▸ **WHAT THIS TASK INVOLVES**:
All of the entries below should be returned verbatim, apart from the pictures.

▸ **DATA PROVIDED**:
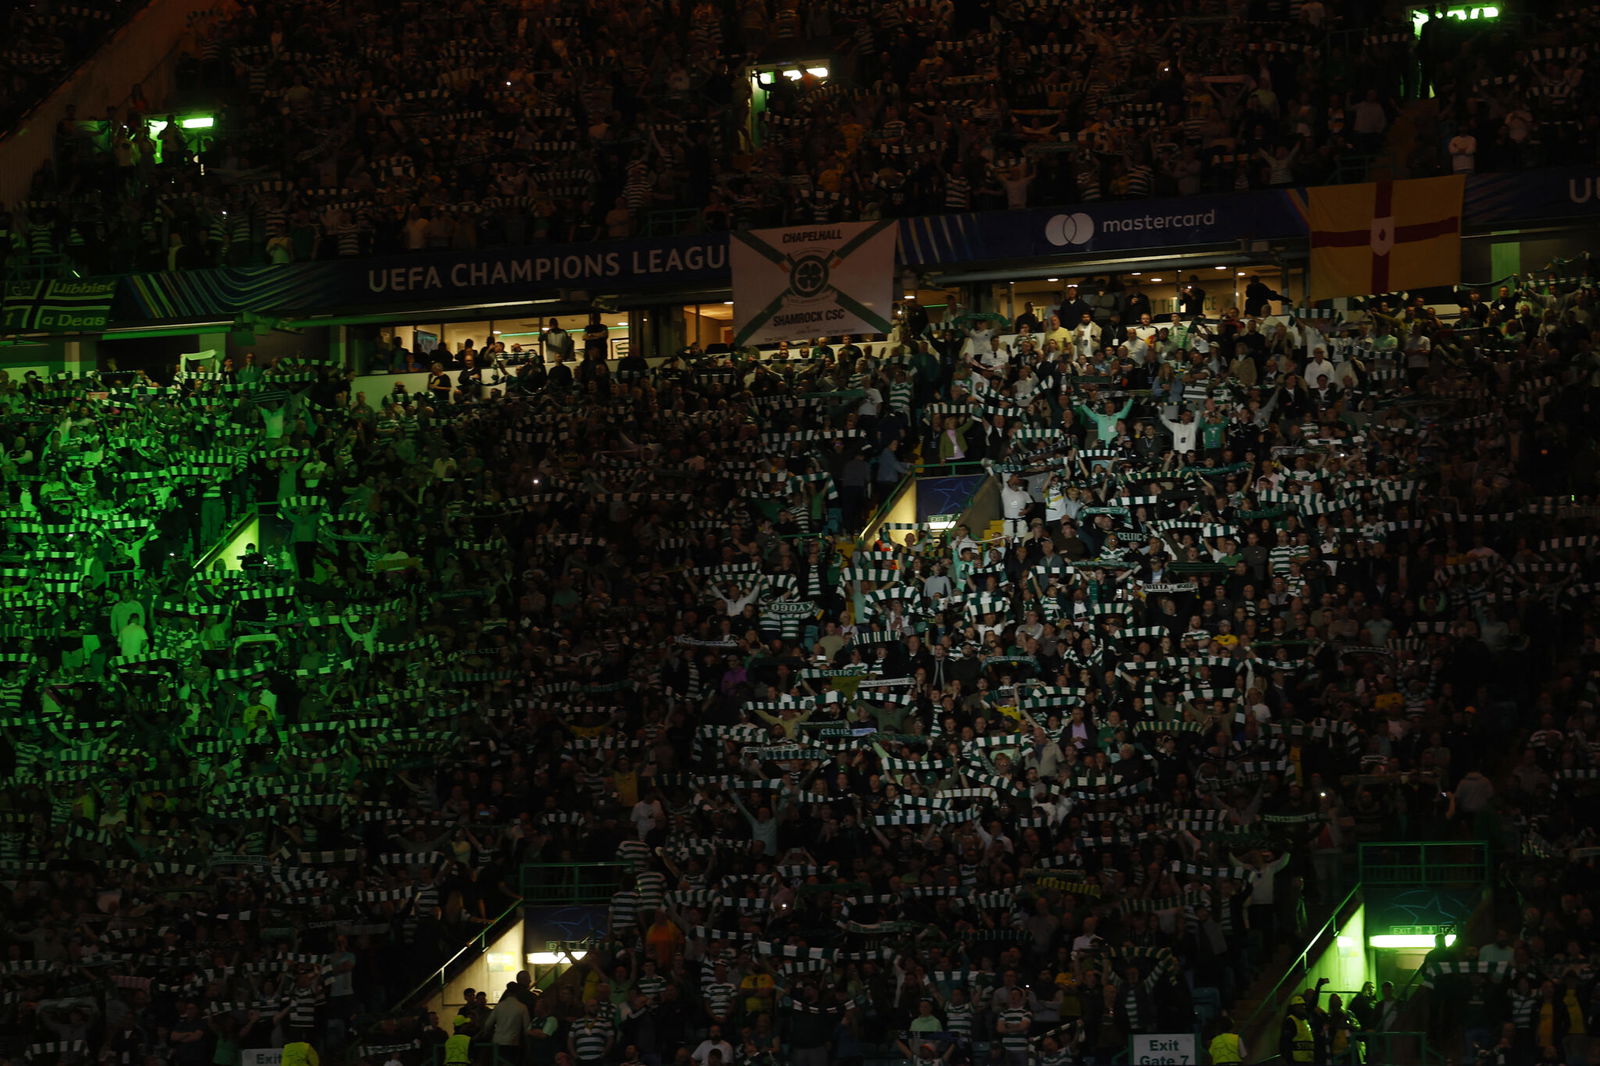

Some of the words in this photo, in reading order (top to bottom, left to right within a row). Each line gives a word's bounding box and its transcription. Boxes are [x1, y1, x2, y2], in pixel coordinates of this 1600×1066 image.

[1568, 177, 1600, 204] U
[1103, 209, 1216, 233] mastercard
[782, 229, 842, 244] CHAPELHALL
[369, 266, 442, 293] UEFA
[451, 252, 620, 288] CHAMPIONS
[632, 244, 726, 275] LEAGU
[57, 314, 107, 327] Deas
[773, 310, 823, 327] SHAMROCK
[826, 308, 845, 321] CSC
[822, 669, 852, 677] CELTIC
[1149, 1040, 1179, 1051] Exit
[1140, 1055, 1175, 1066] Gate
[1180, 1056, 1189, 1066] 7
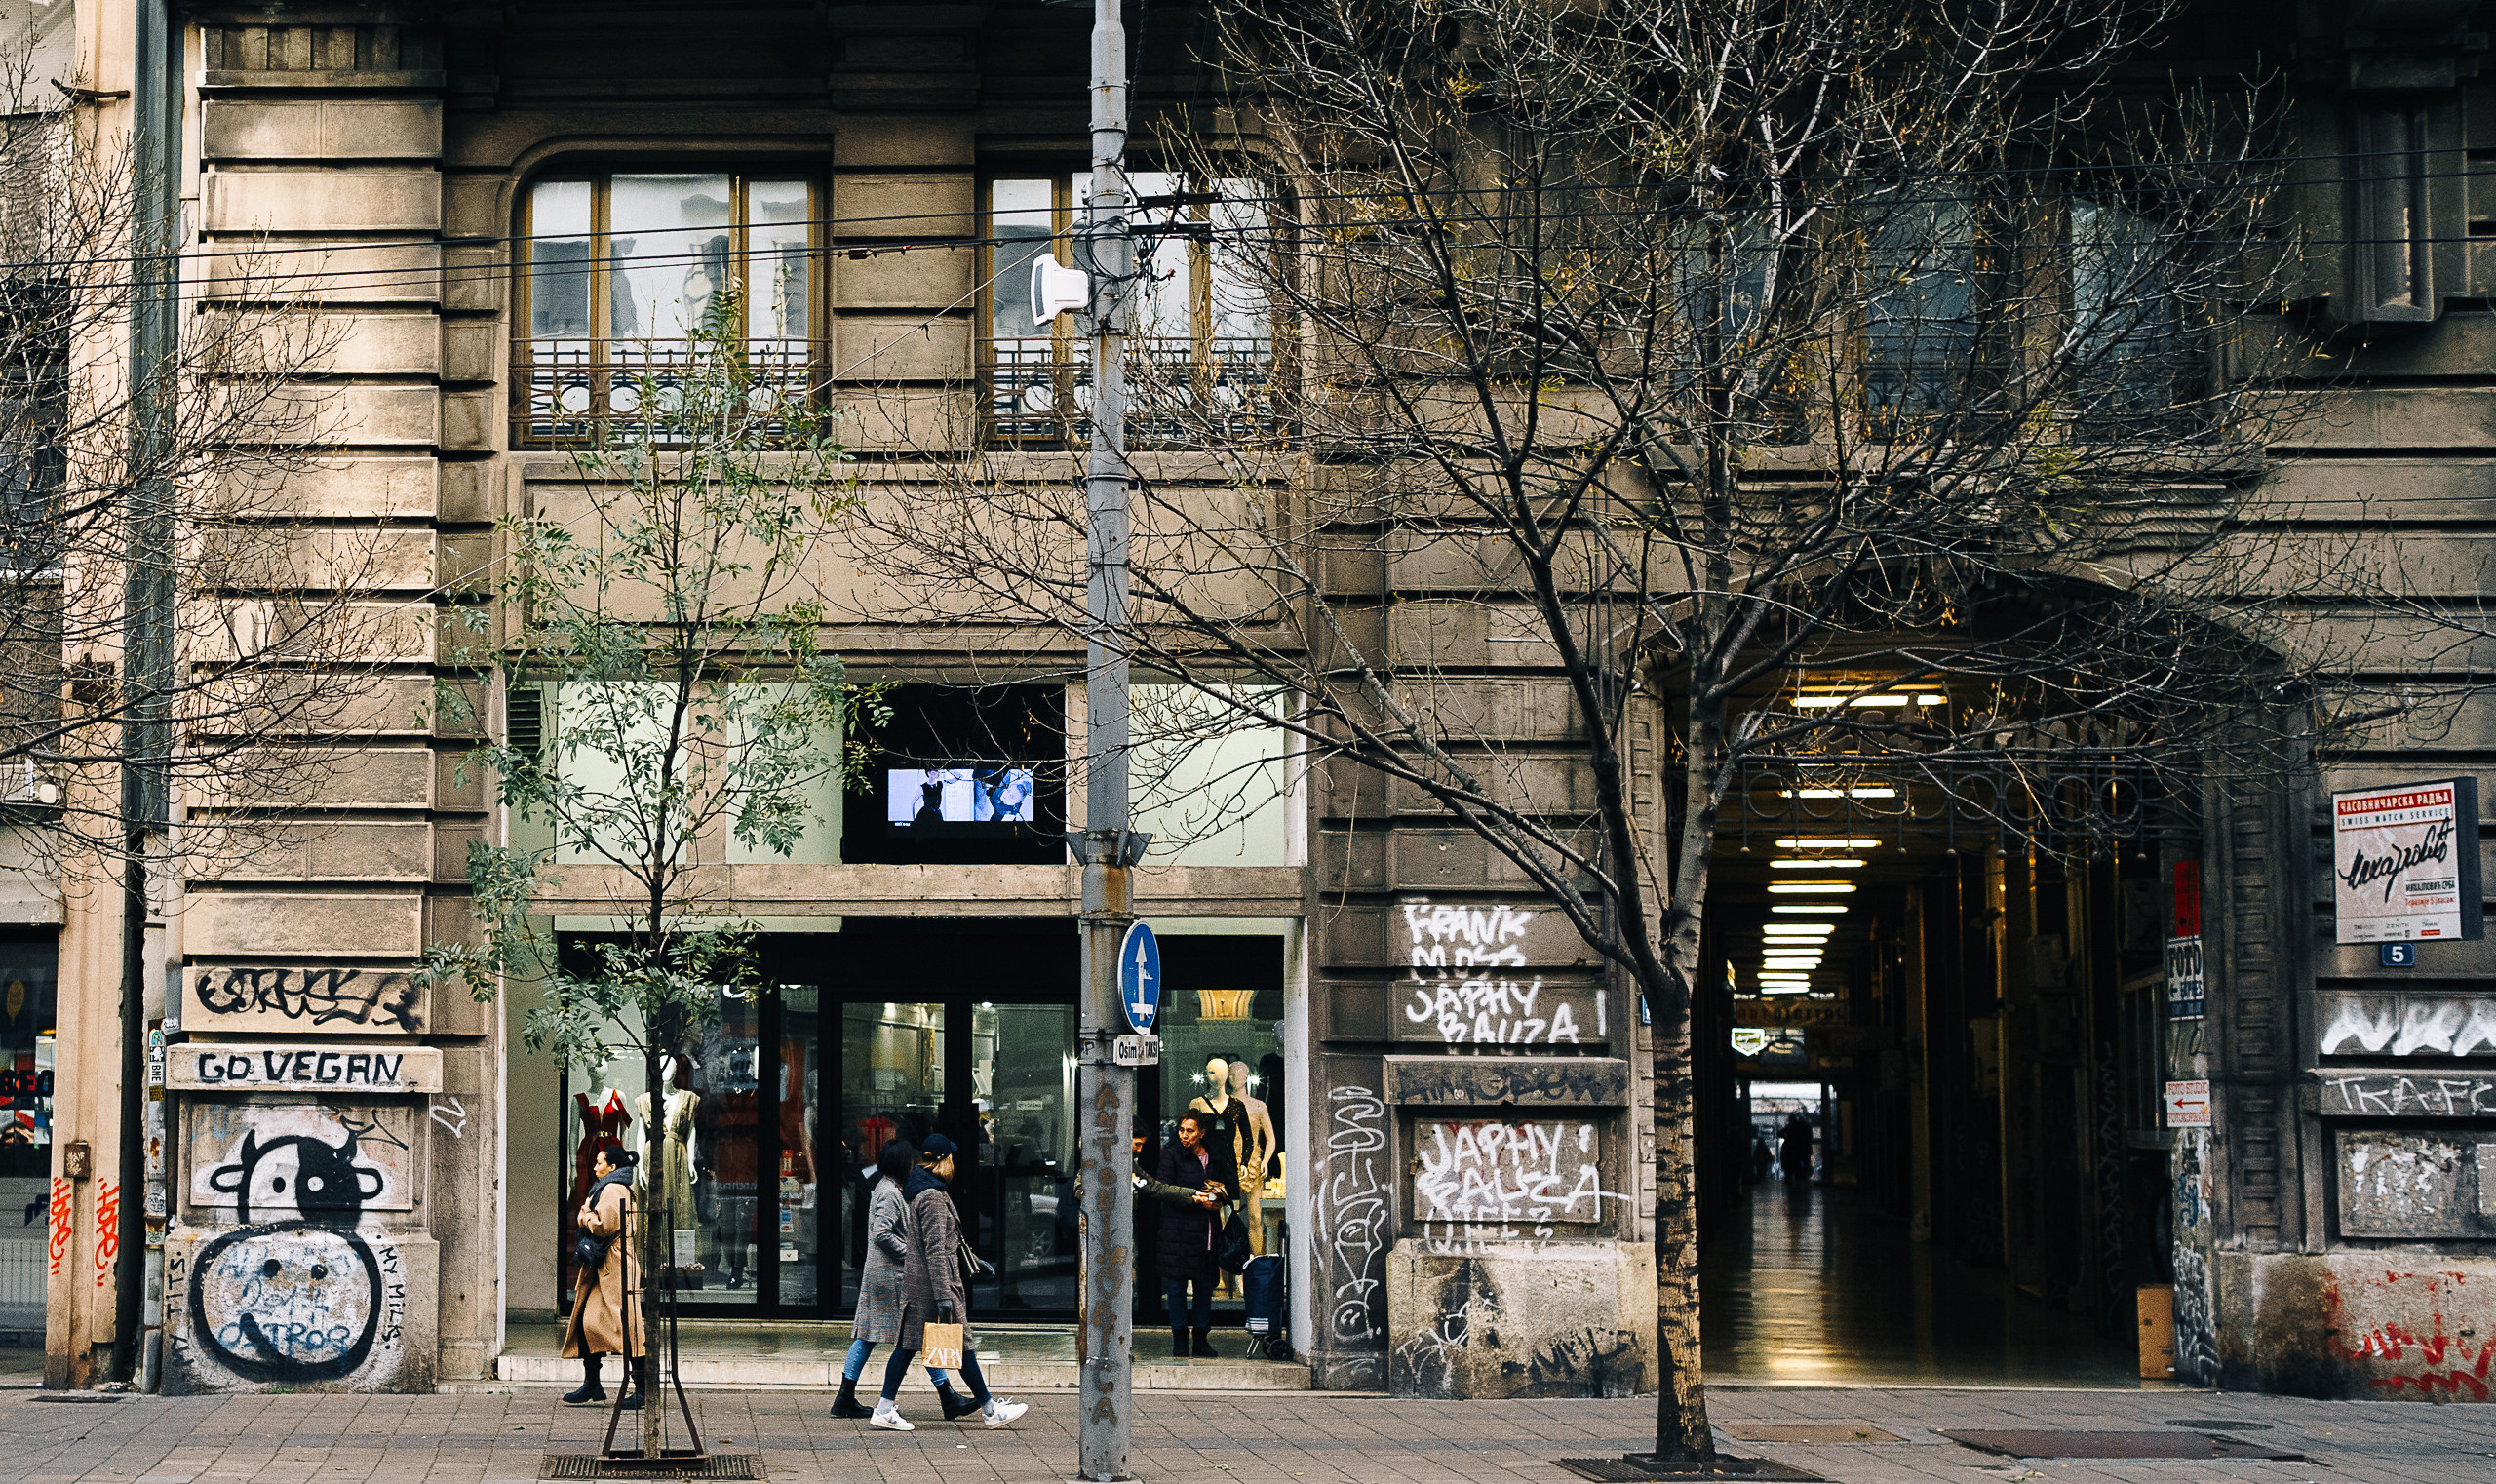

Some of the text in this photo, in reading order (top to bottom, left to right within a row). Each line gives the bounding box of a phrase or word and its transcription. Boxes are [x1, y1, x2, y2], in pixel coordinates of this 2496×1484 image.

[2340, 791, 2449, 812] ЧАСОВНИЧАРСКА РАДЊА
[2341, 808, 2450, 826] SWISS WATCH SERVICE
[1404, 904, 1533, 946] FRANK
[2168, 944, 2202, 978] FOTO
[2391, 946, 2405, 963] 5
[1406, 976, 1542, 1023] JAPHY
[1118, 1041, 1137, 1059] Osim
[1145, 1040, 1158, 1058] TAKSI
[151, 1065, 162, 1082] BNE
[198, 1050, 404, 1084] GO VEGAN
[1421, 1123, 1564, 1177] JAPHY
[379, 1245, 398, 1274] MY
[925, 1347, 963, 1367] ZARA

▸ **OUTPUT OF THE EXERCISE**:
Some of the words in this photo, in reading order (top to bottom, left to right within a row). Each line gives a word's bounding box and its transcription. Boxes are [x1, y1, x2, y2], in pixel coordinates of this 1600×1066 image.

[1568, 177, 1600, 204] U
[1103, 209, 1216, 233] mastercard
[782, 229, 842, 244] CHAPELHALL
[369, 266, 442, 293] UEFA
[451, 252, 620, 288] CHAMPIONS
[632, 244, 726, 275] LEAGU
[57, 314, 107, 327] Deas
[773, 310, 823, 327] SHAMROCK
[826, 308, 845, 321] CSC
[822, 669, 852, 677] CELTIC
[1149, 1040, 1179, 1051] Exit
[1140, 1055, 1175, 1066] Gate
[1180, 1056, 1189, 1066] 7

Some of the text in this photo, in reading order (top to bottom, left to right within a row). Each line gives the bounding box of a phrase or word and its transcription. Boxes are [x1, y1, x2, y2], in pixel coordinates of this 2496×1484 image.

[2340, 791, 2449, 812] ЧАСОВНИЧАРСКА РАДЊА
[2341, 808, 2450, 826] SWISS WATCH SERVICE
[1404, 904, 1533, 946] FRANK
[2168, 944, 2202, 978] FOTO
[2391, 946, 2405, 963] 5
[1406, 976, 1542, 1023] JAPHY
[1118, 1041, 1137, 1059] Osim
[1145, 1040, 1158, 1058] TAKSI
[151, 1065, 162, 1082] BNE
[198, 1050, 404, 1084] GO VEGAN
[1421, 1123, 1564, 1177] JAPHY
[379, 1245, 398, 1274] MY
[925, 1347, 963, 1367] ZARA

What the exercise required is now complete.